### WORK REQUEST
The pictures are to be omitted when the entries are reproduced exactly.

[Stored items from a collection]
━━━━━━━━━━━━━━━━━━━━

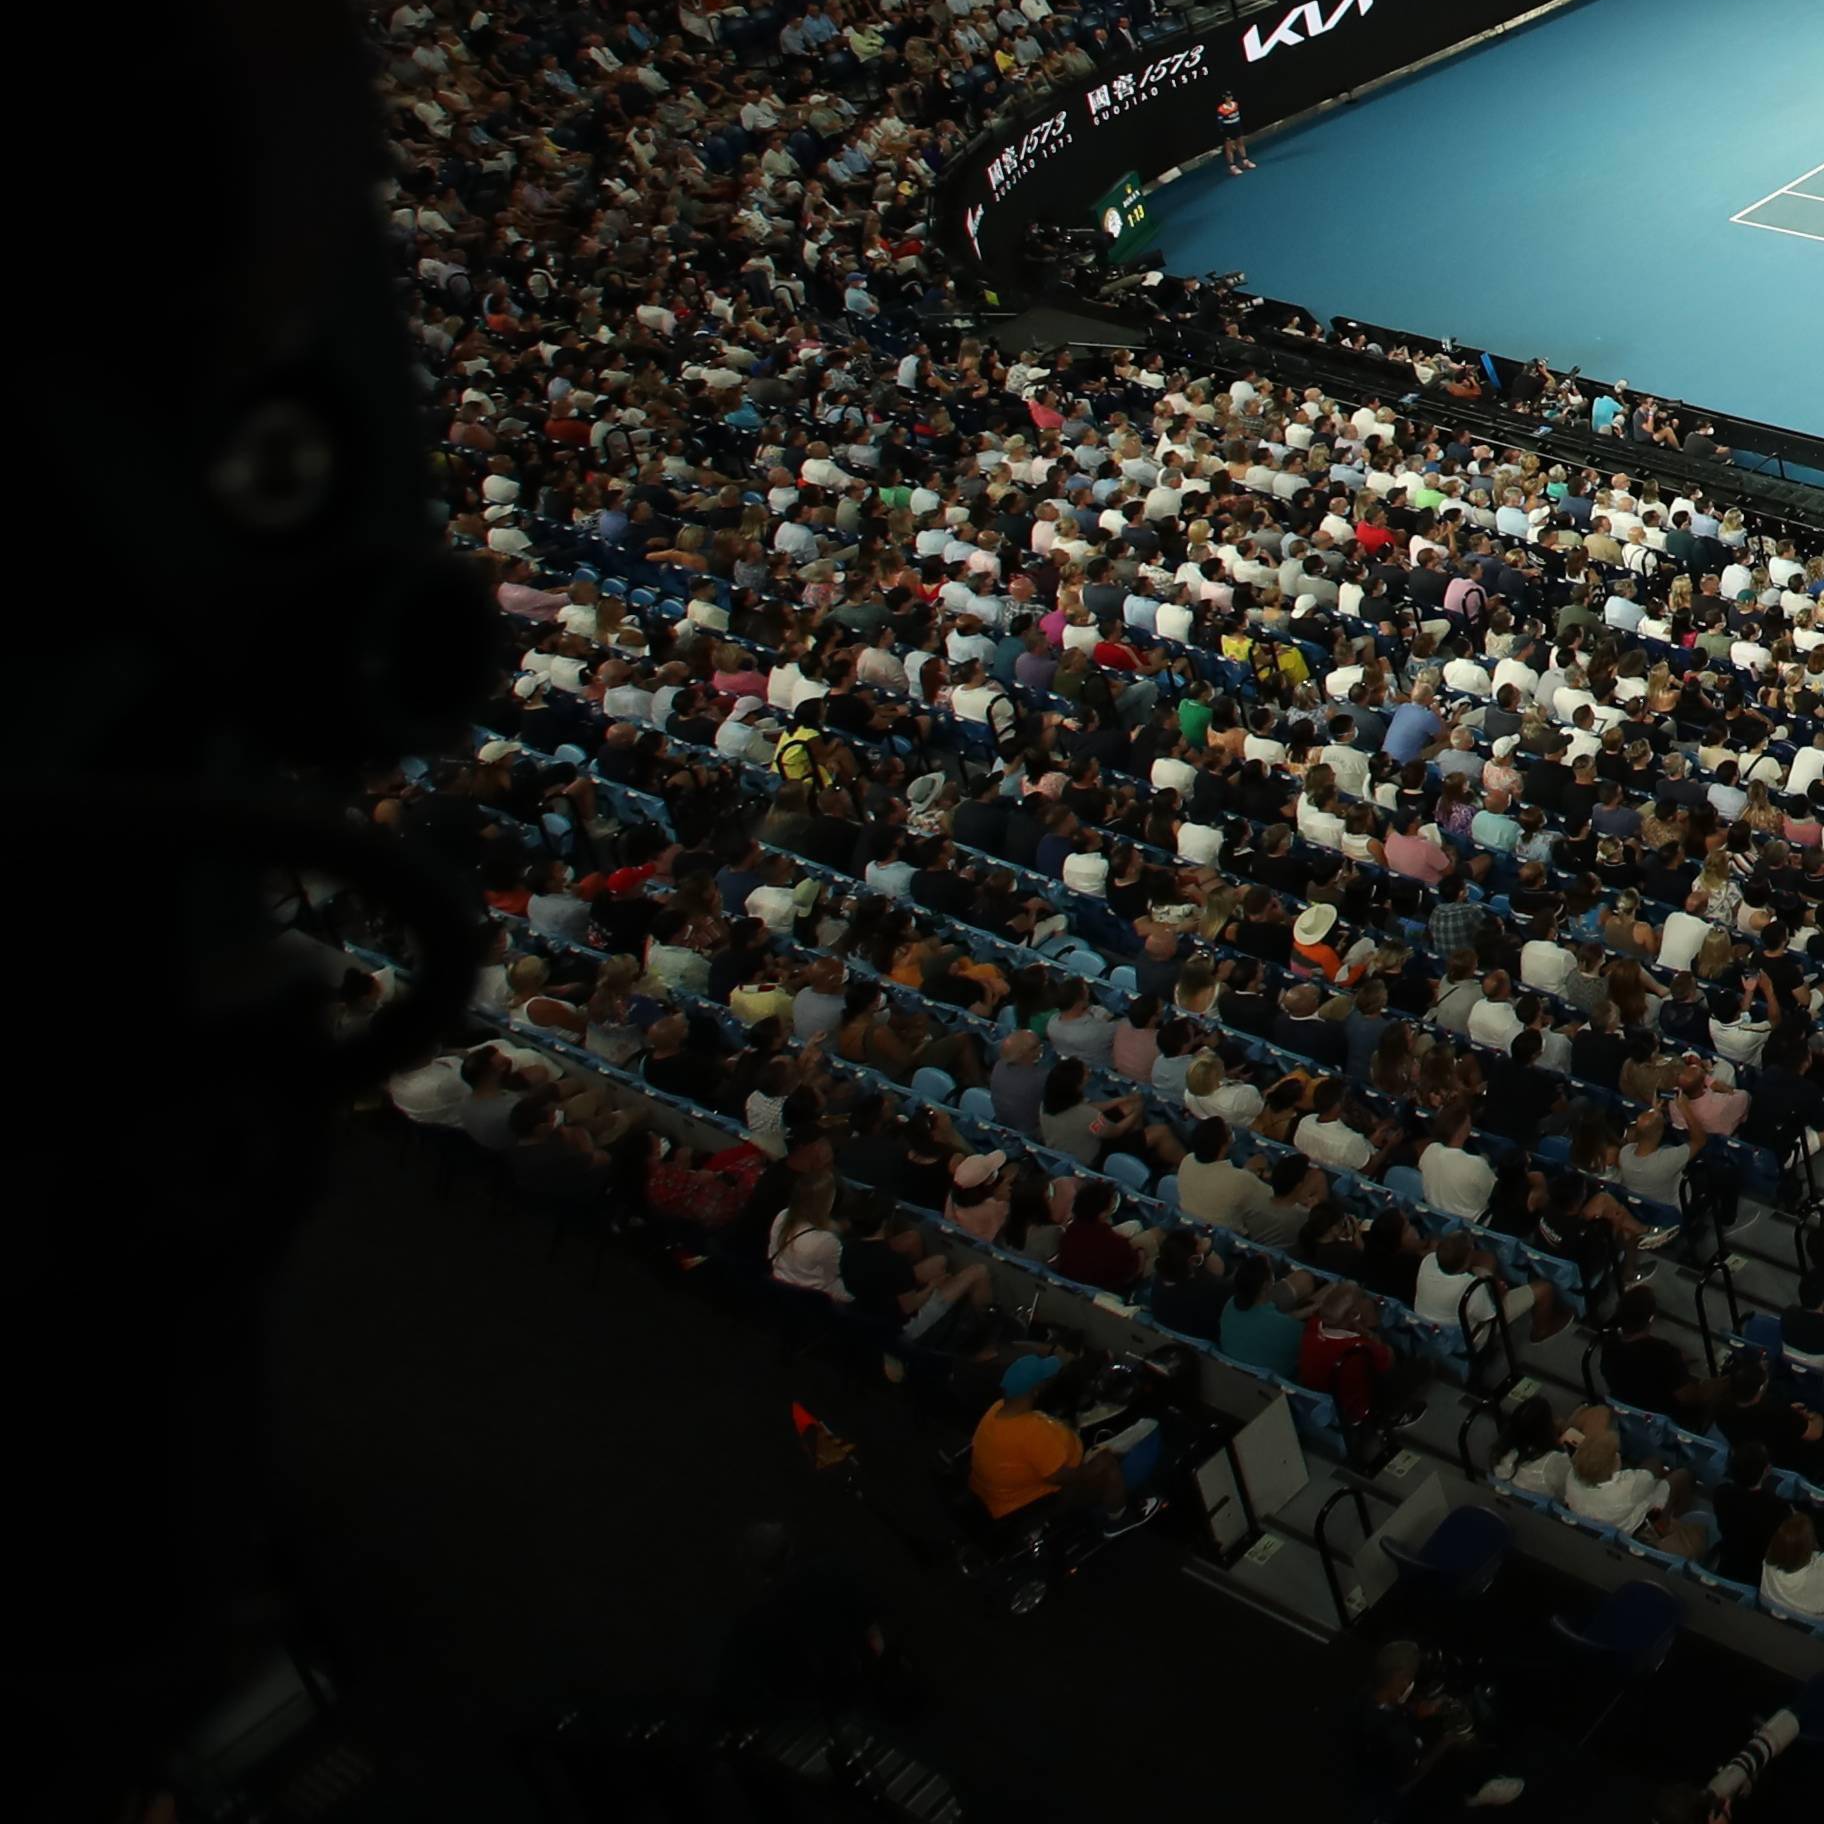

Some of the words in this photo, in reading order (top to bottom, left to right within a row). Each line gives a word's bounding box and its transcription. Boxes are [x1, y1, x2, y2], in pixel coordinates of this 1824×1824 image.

[1139, 44, 1205, 88] 1573
[1093, 87, 1158, 126] GUOJIAO
[1171, 66, 1209, 87] 1573
[1019, 110, 1067, 160] 1573
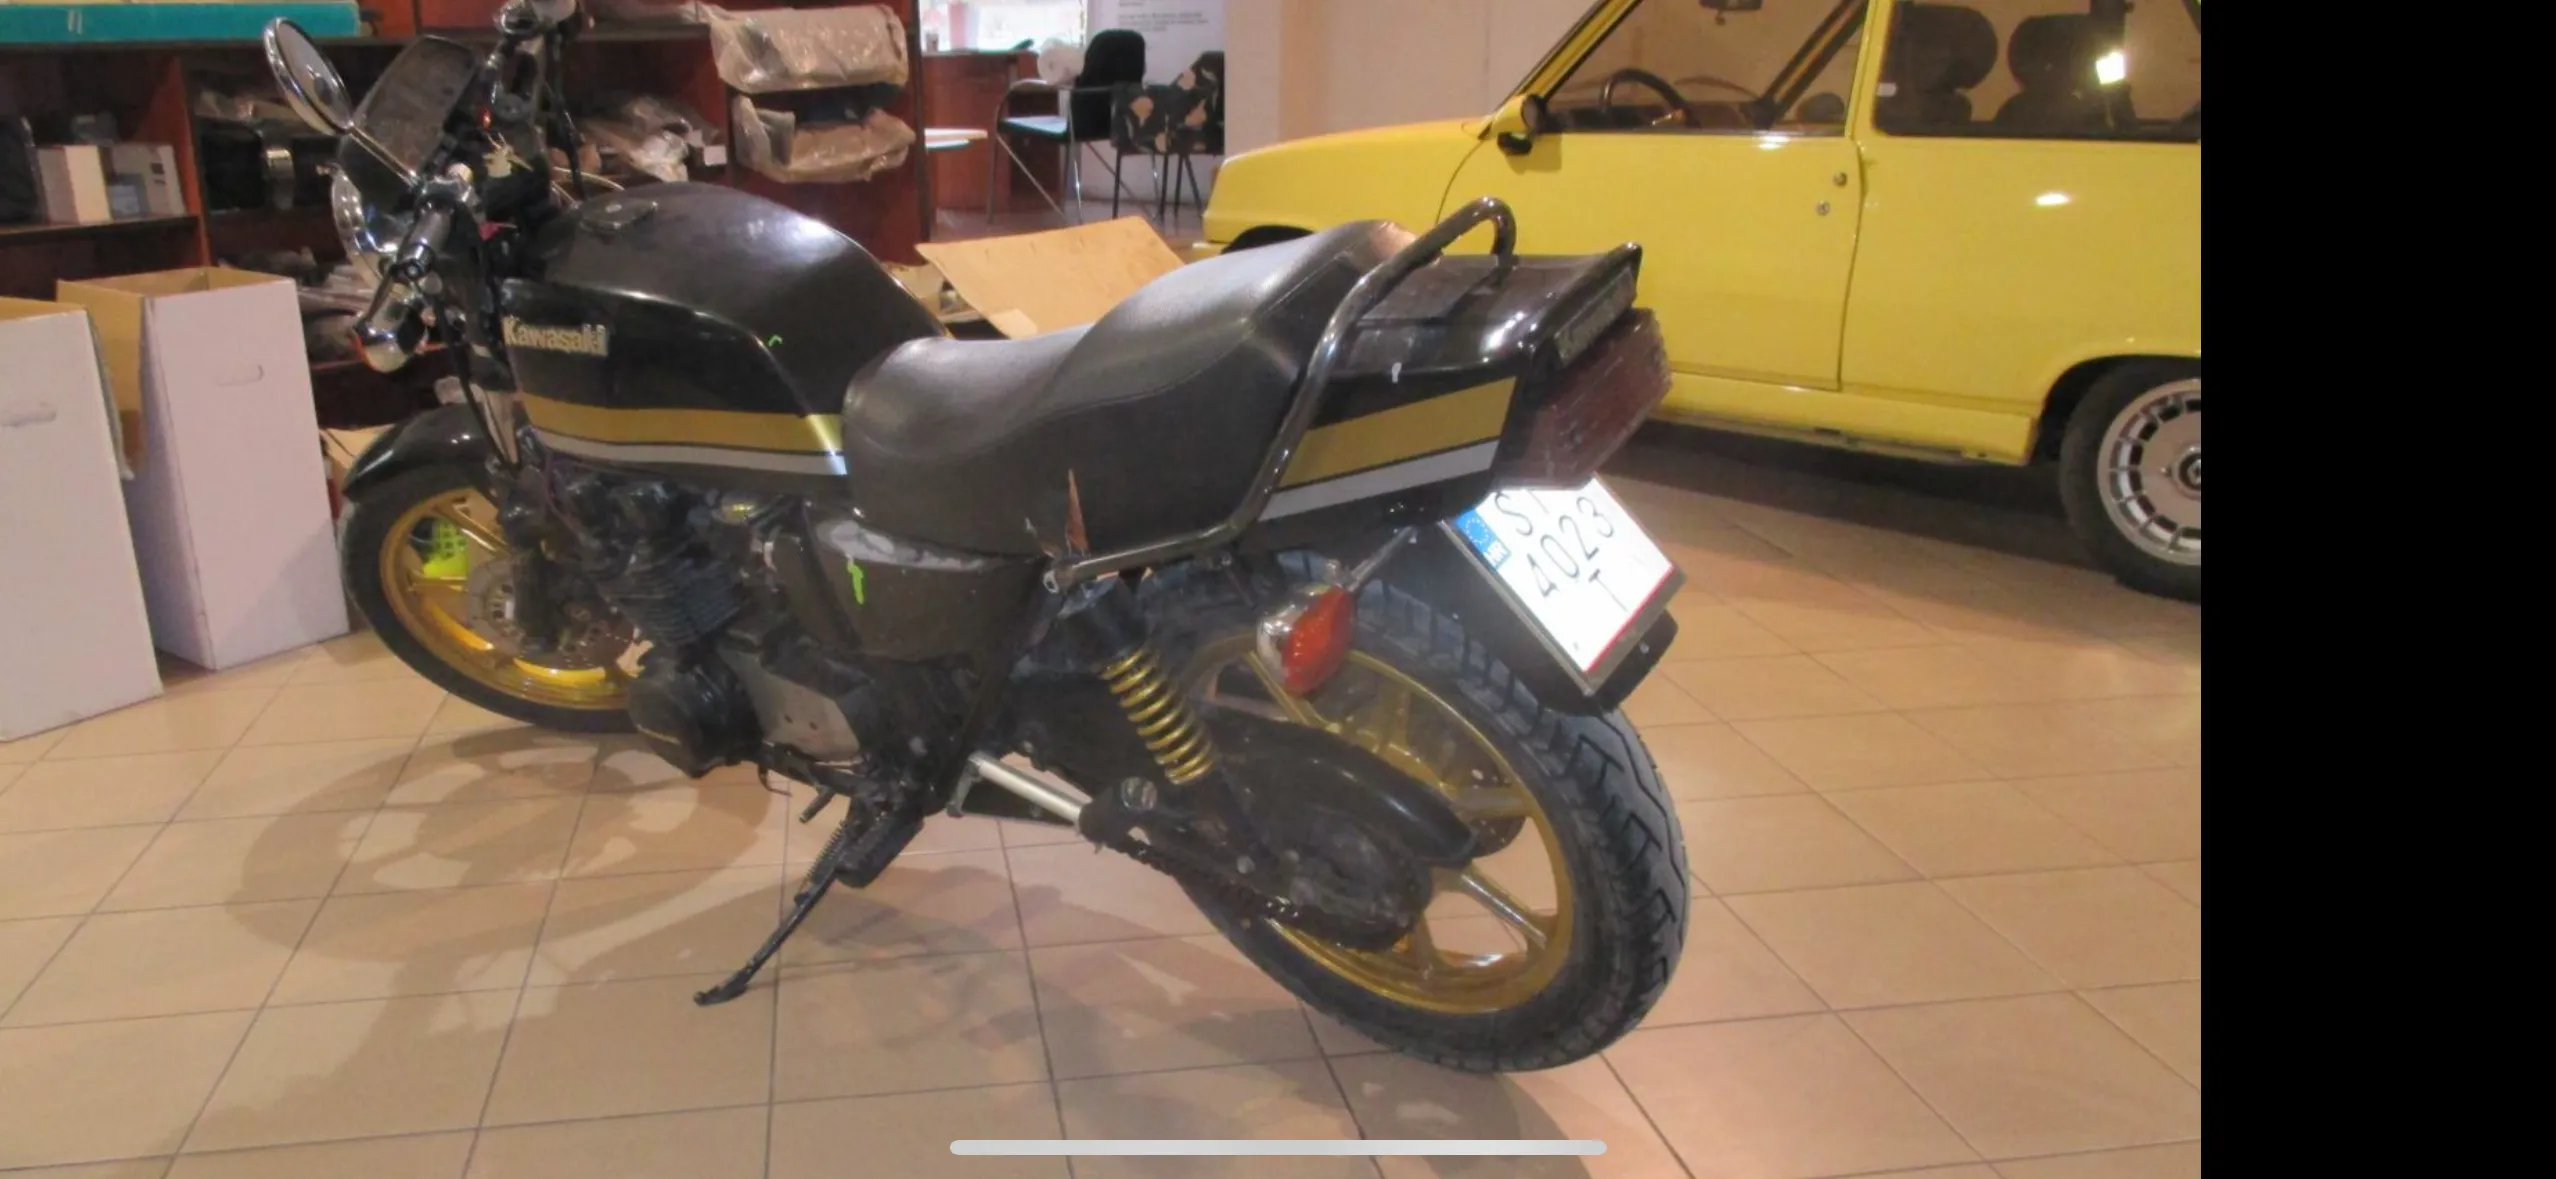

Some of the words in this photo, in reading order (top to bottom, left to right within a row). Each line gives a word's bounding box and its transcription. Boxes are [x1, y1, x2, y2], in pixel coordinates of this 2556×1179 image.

[502, 316, 608, 356] Kawasaki
[1526, 496, 1614, 597] 4023
[1588, 568, 1629, 612] T
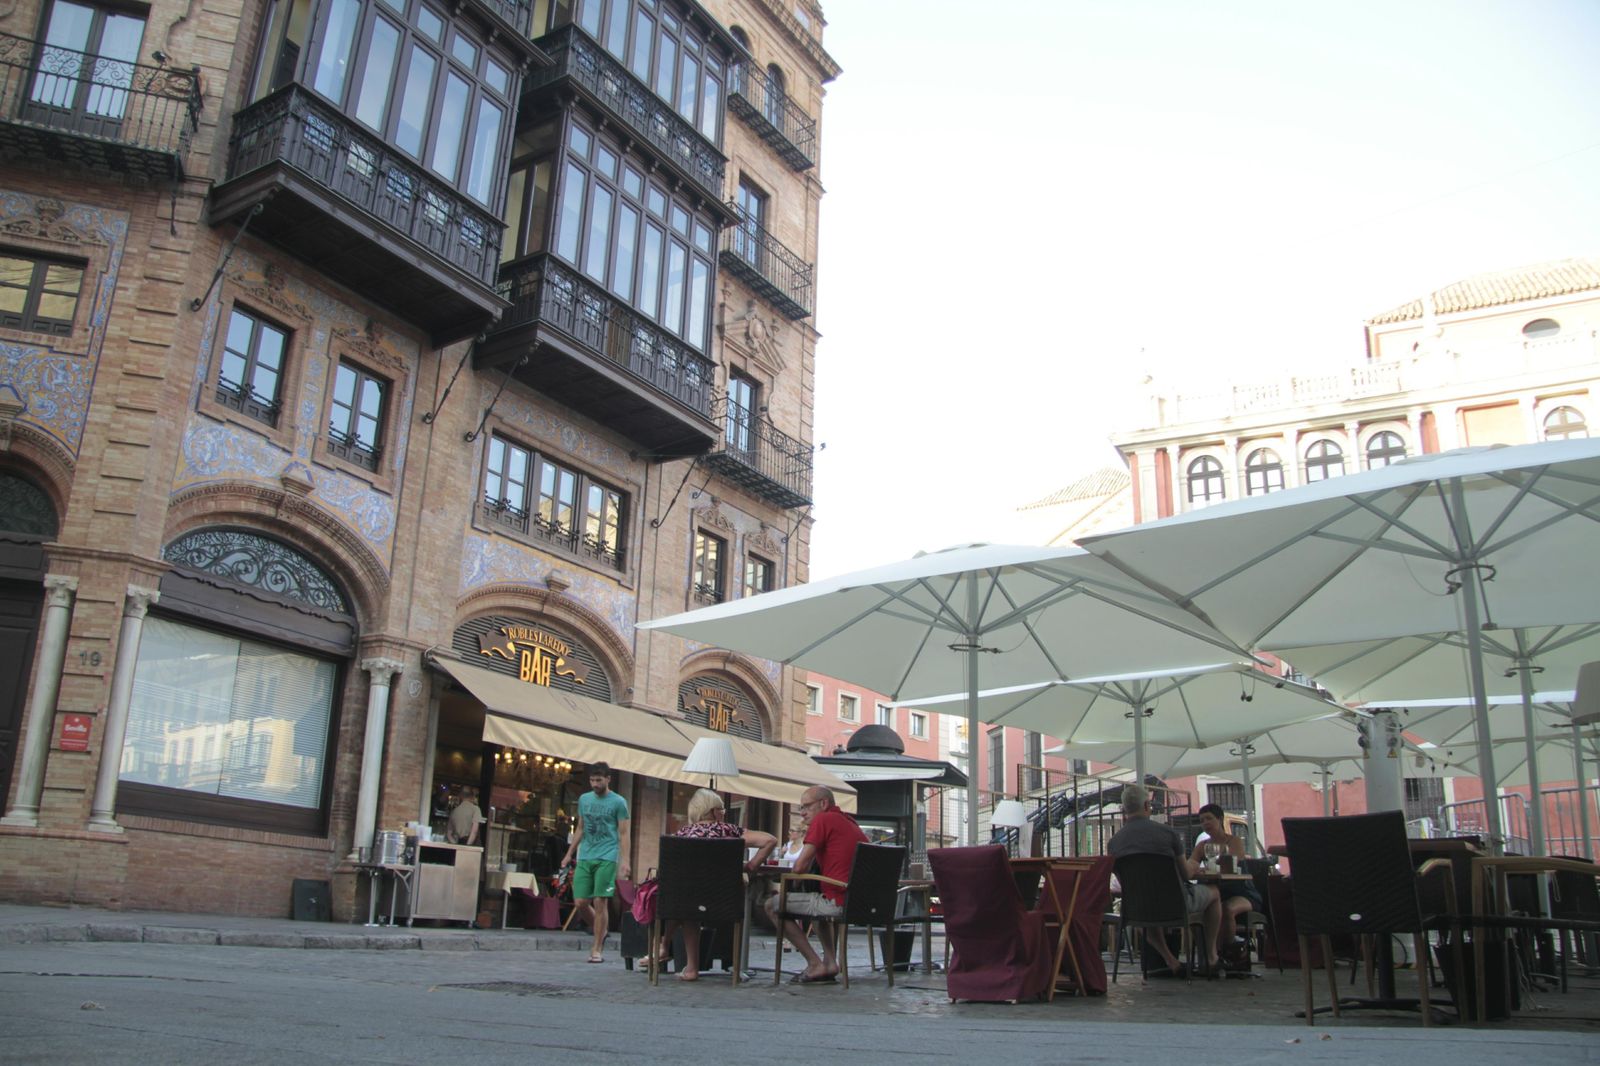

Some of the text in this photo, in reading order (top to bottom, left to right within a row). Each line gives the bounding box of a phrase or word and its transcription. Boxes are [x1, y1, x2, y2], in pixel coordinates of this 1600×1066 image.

[508, 626, 570, 657] ROBLES LAREDO
[79, 651, 102, 667] 19
[520, 647, 551, 688] BAR
[710, 702, 729, 733] BAR

━━━━━━━━━━━━━━━━━━━━

### COMPLETED EXERCISE
Some of the words in this photo, in reading order (top to bottom, left to right within a row). Each line gives a word's bounding box and its transcription. Boxes are [x1, y1, x2, y2], in pixel coordinates of this 1824×1824 image.

[1139, 44, 1205, 88] 1573
[1093, 87, 1158, 126] GUOJIAO
[1171, 66, 1209, 87] 1573
[1019, 110, 1067, 160] 1573

Some of the words in this photo, in reading order (top to bottom, left to right within a row). Each line gives a word's bounding box and its transcription. Boxes are [x1, y1, x2, y2], in pixel coordinates of this 2556×1179 image.

[502, 316, 608, 356] Kawasaki
[1526, 496, 1614, 597] 4023
[1588, 568, 1629, 612] T

Some of the text in this photo, in reading order (top to bottom, left to right within a row). Each line gives the bounding box of a phrase or word and its transcription. Boxes are [x1, y1, x2, y2], in pixel coordinates of this 1600×1066 image.

[508, 626, 570, 657] ROBLES LAREDO
[79, 651, 102, 667] 19
[520, 647, 551, 688] BAR
[710, 702, 729, 733] BAR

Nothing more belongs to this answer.